A telephone pole anchored to the ground by a cable called guy wire at a point of 5m from the base of the pole. The wire make an angle of 72.5 with the horizontal. What is the height of the pole where the guy wire is attached to the pole?

tan 72.5 = h/5

So tan 72.5 = h/5

=3.1716=15.858/5
=3.1716=3.1716
in short 3.1
Is it right?

sorry I mean 3.17..

By the way I want to say thank you to Damon.For helping me :)

To find the height of the pole, we can use trigonometry.
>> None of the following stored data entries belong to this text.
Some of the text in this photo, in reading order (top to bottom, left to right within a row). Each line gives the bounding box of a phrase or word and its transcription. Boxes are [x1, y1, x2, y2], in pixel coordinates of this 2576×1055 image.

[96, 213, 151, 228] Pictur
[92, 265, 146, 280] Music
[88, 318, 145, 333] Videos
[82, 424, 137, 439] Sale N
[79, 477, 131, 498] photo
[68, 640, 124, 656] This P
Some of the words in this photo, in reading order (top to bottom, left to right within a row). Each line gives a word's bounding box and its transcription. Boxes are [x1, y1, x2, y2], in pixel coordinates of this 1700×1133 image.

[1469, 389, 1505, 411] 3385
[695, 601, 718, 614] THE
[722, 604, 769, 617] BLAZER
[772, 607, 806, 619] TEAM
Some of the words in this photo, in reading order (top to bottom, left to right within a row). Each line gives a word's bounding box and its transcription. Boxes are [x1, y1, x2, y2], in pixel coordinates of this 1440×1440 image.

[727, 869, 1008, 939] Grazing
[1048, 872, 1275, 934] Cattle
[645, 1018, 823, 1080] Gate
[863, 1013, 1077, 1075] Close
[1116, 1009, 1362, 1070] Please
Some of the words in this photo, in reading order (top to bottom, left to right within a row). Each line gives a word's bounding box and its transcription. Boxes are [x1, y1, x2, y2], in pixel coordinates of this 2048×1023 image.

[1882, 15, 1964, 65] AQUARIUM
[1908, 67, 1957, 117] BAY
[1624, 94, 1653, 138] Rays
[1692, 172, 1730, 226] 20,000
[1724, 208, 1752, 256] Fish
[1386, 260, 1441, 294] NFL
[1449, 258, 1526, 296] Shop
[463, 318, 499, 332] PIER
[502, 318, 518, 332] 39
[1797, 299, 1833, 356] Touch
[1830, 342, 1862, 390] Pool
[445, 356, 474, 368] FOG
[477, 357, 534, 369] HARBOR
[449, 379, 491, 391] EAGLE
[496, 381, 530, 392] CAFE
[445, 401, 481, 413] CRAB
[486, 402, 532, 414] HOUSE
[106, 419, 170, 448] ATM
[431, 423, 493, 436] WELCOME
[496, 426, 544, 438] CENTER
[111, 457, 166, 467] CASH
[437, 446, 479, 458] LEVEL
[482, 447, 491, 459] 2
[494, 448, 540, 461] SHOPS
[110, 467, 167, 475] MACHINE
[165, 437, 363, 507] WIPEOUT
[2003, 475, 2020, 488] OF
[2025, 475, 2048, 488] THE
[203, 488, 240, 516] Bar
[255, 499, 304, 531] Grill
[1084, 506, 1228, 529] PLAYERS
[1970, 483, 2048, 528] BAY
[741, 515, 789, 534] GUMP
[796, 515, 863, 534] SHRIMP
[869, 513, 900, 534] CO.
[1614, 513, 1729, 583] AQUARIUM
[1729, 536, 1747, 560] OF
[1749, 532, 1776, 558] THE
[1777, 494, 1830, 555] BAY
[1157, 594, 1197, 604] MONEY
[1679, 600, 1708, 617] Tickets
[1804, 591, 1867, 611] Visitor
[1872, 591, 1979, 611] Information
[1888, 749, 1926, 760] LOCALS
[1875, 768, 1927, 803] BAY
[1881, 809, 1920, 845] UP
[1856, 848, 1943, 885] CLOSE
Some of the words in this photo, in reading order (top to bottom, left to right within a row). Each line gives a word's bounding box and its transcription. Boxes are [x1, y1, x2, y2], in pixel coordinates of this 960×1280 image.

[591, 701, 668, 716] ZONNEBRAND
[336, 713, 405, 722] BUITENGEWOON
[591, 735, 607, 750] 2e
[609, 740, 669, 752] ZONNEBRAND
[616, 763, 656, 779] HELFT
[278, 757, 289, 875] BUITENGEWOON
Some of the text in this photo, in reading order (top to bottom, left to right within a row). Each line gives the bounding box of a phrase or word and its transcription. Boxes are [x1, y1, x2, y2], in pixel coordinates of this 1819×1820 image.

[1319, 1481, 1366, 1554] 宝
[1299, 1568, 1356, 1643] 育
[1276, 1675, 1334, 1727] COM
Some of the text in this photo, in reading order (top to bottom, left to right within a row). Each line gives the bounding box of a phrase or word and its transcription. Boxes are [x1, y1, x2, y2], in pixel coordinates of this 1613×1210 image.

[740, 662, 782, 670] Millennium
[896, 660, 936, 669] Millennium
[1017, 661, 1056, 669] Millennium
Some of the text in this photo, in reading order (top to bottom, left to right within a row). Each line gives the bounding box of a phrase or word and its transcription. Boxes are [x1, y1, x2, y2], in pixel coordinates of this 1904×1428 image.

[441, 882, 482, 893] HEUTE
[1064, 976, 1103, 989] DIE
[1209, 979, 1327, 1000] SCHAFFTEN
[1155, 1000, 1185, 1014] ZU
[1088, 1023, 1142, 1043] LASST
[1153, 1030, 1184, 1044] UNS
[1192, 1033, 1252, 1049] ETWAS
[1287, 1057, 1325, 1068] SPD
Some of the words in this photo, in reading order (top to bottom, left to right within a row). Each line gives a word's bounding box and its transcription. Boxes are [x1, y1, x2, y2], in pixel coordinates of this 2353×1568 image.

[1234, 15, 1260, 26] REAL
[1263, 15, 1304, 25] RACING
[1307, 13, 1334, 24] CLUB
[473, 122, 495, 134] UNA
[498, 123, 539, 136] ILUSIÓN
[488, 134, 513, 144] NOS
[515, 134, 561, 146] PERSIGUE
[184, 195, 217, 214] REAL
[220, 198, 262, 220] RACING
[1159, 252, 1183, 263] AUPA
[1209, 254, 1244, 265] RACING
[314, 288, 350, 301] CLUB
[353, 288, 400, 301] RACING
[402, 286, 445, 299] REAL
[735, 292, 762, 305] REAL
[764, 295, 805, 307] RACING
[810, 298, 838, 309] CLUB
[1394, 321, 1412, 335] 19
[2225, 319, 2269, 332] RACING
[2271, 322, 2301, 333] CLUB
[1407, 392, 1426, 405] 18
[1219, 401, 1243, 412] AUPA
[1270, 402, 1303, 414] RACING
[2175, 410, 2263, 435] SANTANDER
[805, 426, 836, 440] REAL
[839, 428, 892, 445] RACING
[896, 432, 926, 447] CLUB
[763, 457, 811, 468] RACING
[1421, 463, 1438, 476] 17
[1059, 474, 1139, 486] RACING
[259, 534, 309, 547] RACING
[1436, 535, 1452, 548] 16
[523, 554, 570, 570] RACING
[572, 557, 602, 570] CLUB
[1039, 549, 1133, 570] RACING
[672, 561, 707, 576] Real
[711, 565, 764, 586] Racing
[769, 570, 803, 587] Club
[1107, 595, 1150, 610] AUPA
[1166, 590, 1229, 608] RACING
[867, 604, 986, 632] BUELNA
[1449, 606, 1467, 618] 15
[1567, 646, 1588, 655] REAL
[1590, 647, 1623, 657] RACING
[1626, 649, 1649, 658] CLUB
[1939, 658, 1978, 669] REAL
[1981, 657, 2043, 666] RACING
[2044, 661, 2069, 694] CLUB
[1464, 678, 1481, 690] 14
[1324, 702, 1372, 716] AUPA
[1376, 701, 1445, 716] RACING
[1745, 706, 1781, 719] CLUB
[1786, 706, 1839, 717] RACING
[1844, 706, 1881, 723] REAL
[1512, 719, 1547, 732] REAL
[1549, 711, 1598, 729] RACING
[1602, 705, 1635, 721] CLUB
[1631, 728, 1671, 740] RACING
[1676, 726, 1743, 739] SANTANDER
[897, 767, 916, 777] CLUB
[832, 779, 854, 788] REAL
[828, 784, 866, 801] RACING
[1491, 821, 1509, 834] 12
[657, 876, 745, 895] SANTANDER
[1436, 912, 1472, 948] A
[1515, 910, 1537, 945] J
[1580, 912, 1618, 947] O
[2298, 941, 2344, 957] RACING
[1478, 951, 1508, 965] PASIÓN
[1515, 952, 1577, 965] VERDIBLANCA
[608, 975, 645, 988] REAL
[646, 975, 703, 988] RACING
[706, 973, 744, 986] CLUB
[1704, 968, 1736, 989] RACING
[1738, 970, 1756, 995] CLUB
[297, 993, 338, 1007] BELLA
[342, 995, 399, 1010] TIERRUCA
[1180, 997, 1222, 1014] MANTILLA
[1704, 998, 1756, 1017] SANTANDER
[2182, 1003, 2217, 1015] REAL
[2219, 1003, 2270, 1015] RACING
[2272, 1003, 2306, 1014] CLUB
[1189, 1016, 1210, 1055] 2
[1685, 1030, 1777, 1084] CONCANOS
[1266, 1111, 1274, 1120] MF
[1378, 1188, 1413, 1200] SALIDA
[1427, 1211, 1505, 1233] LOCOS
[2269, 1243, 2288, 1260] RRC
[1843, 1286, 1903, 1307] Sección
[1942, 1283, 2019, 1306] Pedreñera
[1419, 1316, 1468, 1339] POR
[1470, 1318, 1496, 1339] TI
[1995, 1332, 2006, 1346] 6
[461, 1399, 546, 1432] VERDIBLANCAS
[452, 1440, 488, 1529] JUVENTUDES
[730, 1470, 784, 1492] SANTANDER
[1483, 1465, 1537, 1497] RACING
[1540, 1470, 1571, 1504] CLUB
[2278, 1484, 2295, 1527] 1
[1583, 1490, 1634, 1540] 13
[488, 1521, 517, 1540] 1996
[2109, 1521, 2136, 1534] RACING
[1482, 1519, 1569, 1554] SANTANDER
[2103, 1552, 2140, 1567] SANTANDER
Let's draw a diagram to visualize the situation:

```
|
|
|
---------------------------------------------------- Ground
| /
| /
h | /
| /
| /
| / g
|/

```
In the diagram, the pole has height 'h' and the guy wire is represented by the line labeled 'g'. The line labeled 'h' is the vertical height, and the line labeled 'g' is the distance from the base of the pole to the point where the guy wire is attached.

Now, let's break down the problem:
We have the distance from the base of the pole to the point where the guy wire is attached (g = 5m) and the angle between the guy wire and the horizontal (θ = 72.5°).

We can use the trigonometric function tangent (tan) to relate the angle and the height of the pole:

tan(θ) = h / g

Rearranging the formula, we get:

h = g * tan(θ)

Plugging in the values, we have:

h = 5 * tan(72.5°)

Now we need to calculate this using a calculator or a trigonometric table.

Using a calculator, the calculation would be:

h ≈ 17.64m

Therefore, the height of the pole is approximately 17.64m at the point where the guy wire is attached.